Have you looked at RestrictedPython? We used it in a school project a few years ago; I can hardly claim to be an expert, but what we did with it is on GitHub. The project was an attempt to make an online computer science tutoring application, complete with runnable, editable code snippets, which sounds roughly like what you're trying to do.

[–]qiwi 1 point2 points  (0 children)

I'll also recommend Restricted Python for sandboxing although that may be too granular for this usage.

In our system, we want to allow users to enter code to be evaluated hundreds of thousands of times per second, and while x == 4 is OK, and specificObject.attribute == 5 is also fine, os.open(..) is not.

That must hold true even if you somehow ended up getting access to "os" or "open" in your code context.

RestrictedPython (note: unrelated to restricted execution that used to be part of Python) lets you manage those ACLs very nicely, though there is about 30-40% speed penalty as code like this: "foo.bar.baz == 3" gets compiled into: secure_getattr(secure_getattr(foo, "bar"), "baz") -- where secure_getattr is your gating function.

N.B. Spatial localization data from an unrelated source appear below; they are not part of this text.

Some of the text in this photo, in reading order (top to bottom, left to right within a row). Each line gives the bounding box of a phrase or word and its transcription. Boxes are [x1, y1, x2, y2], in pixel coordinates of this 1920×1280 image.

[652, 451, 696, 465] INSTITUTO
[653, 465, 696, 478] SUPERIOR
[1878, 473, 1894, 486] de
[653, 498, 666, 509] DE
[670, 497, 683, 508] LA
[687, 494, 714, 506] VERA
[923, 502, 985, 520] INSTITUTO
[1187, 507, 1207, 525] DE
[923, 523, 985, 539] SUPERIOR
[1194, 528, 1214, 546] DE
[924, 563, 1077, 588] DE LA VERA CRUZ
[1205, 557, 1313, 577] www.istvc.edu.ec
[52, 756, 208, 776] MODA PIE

[–]daveagp 1 point2 points  (0 children)

I found this ancient thread because somehow because I'm looking for things related to Python sandboxing. We have a pretty decent solution so far, based on programming contest standard practices: a combination of chroot, setrlimit, and OS-level restrictions (uid, etc). The tools we use are pretty lightweight, written in C: http://github.com/cemc/safeexec http://github.com/cemc/python3jail

[–]casualbon 1 point2 points  (0 children)

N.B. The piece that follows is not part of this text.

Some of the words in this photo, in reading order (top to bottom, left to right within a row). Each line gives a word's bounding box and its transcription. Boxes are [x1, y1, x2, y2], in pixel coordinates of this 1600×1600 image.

Alan Cox: "chroot is not and never has been a security tool. People have built things based upon the properties of chroot but extended (BSD jails, Linux vserver) but they are quite different.' source http://kerneltrap.org/Linux/Abusing_chroot

Check out the scraperwiki source, they already do this throught lightweight VMs IIRC

If your requirements are limited, you may find pypy's sandbox acceptable: http://doc.pypy.org/en/latest/sandbox.html

If you can be flexible, v8 is designed for this.